--- Supplied information ---

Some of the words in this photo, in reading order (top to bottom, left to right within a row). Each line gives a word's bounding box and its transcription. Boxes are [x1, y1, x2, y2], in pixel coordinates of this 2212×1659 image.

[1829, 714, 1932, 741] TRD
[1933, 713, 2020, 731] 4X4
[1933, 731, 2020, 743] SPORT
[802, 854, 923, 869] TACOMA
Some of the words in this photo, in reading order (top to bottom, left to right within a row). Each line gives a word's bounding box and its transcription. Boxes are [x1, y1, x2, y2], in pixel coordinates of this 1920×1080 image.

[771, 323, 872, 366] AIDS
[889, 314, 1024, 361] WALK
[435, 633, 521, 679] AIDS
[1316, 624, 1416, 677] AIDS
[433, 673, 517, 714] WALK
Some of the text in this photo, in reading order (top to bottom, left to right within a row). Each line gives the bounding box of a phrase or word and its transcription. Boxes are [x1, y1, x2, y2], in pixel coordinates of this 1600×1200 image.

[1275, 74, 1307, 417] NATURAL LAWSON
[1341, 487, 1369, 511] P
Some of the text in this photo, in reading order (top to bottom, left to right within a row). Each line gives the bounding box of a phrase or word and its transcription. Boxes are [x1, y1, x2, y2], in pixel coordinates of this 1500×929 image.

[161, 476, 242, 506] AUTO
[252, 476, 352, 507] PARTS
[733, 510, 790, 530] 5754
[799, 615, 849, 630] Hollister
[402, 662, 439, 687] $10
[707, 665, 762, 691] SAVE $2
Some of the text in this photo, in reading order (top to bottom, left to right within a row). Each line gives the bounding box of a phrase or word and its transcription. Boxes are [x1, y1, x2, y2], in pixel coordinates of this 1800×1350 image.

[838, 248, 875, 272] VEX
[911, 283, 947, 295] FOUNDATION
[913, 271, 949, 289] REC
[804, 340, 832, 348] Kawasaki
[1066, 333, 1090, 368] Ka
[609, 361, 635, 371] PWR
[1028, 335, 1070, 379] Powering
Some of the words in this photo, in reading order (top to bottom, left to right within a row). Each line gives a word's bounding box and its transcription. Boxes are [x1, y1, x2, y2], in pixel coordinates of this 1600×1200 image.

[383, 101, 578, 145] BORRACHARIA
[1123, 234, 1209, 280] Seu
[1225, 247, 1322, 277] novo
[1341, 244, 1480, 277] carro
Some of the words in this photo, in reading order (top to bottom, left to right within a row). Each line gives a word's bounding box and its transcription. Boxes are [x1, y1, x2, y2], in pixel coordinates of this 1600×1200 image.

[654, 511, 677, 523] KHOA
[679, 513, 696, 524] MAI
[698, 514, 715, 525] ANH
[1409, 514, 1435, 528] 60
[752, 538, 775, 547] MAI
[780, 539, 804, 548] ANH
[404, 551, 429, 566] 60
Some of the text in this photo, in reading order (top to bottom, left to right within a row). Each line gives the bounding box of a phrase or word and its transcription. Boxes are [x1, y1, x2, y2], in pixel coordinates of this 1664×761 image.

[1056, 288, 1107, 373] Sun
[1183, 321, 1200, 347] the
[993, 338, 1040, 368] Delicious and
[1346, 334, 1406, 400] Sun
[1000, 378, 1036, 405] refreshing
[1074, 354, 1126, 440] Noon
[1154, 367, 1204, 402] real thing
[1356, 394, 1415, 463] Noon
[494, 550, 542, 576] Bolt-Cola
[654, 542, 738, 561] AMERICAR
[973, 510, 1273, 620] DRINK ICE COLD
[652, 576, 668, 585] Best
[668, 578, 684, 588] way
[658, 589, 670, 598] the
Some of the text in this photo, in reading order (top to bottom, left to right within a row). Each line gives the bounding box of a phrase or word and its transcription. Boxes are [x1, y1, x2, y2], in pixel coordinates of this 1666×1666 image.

---

Task instructions: Write the data out once more. Keep every word the same.

Solution to the problem:
Some of the words in this photo, in reading order (top to bottom, left to right within a row). Each line gives a word's bounding box and its transcription. Boxes are [x1, y1, x2, y2], in pixel coordinates of this 2212×1659 image.

[1829, 714, 1932, 741] TRD
[1933, 713, 2020, 731] 4X4
[1933, 731, 2020, 743] SPORT
[802, 854, 923, 869] TACOMA
Some of the words in this photo, in reading order (top to bottom, left to right within a row). Each line gives a word's bounding box and its transcription. Boxes are [x1, y1, x2, y2], in pixel coordinates of this 1920×1080 image.

[771, 323, 872, 366] AIDS
[889, 314, 1024, 361] WALK
[435, 633, 521, 679] AIDS
[1316, 624, 1416, 677] AIDS
[433, 673, 517, 714] WALK
Some of the text in this photo, in reading order (top to bottom, left to right within a row). Each line gives the bounding box of a phrase or word and its transcription. Boxes are [x1, y1, x2, y2], in pixel coordinates of this 1600×1200 image.

[1275, 74, 1307, 417] NATURAL LAWSON
[1341, 487, 1369, 511] P
Some of the text in this photo, in reading order (top to bottom, left to right within a row). Each line gives the bounding box of a phrase or word and its transcription. Boxes are [x1, y1, x2, y2], in pixel coordinates of this 1500×929 image.

[161, 476, 242, 506] AUTO
[252, 476, 352, 507] PARTS
[733, 510, 790, 530] 5754
[799, 615, 849, 630] Hollister
[402, 662, 439, 687] $10
[707, 665, 762, 691] SAVE $2
Some of the text in this photo, in reading order (top to bottom, left to right within a row). Each line gives the bounding box of a phrase or word and its transcription. Boxes are [x1, y1, x2, y2], in pixel coordinates of this 1800×1350 image.

[838, 248, 875, 272] VEX
[911, 283, 947, 295] FOUNDATION
[913, 271, 949, 289] REC
[804, 340, 832, 348] Kawasaki
[1066, 333, 1090, 368] Ka
[609, 361, 635, 371] PWR
[1028, 335, 1070, 379] Powering
Some of the words in this photo, in reading order (top to bottom, left to right within a row). Each line gives a word's bounding box and its transcription. Boxes are [x1, y1, x2, y2], in pixel coordinates of this 1600×1200 image.

[383, 101, 578, 145] BORRACHARIA
[1123, 234, 1209, 280] Seu
[1225, 247, 1322, 277] novo
[1341, 244, 1480, 277] carro
Some of the words in this photo, in reading order (top to bottom, left to right within a row). Each line gives a word's bounding box and its transcription. Boxes are [x1, y1, x2, y2], in pixel coordinates of this 1600×1200 image.

[654, 511, 677, 523] KHOA
[679, 513, 696, 524] MAI
[698, 514, 715, 525] ANH
[1409, 514, 1435, 528] 60
[752, 538, 775, 547] MAI
[780, 539, 804, 548] ANH
[404, 551, 429, 566] 60
Some of the text in this photo, in reading order (top to bottom, left to right within a row). Each line gives the bounding box of a phrase or word and its transcription. Boxes are [x1, y1, x2, y2], in pixel coordinates of this 1664×761 image.

[1056, 288, 1107, 373] Sun
[1183, 321, 1200, 347] the
[993, 338, 1040, 368] Delicious and
[1346, 334, 1406, 400] Sun
[1000, 378, 1036, 405] refreshing
[1074, 354, 1126, 440] Noon
[1154, 367, 1204, 402] real thing
[1356, 394, 1415, 463] Noon
[494, 550, 542, 576] Bolt-Cola
[654, 542, 738, 561] AMERICAR
[973, 510, 1273, 620] DRINK ICE COLD
[652, 576, 668, 585] Best
[668, 578, 684, 588] way
[658, 589, 670, 598] the
Some of the text in this photo, in reading order (top to bottom, left to right within a row). Each line gives the bounding box of a phrase or word and its transcription. Boxes are [x1, y1, x2, y2], in pixel coordinates of this 1666×1666 image.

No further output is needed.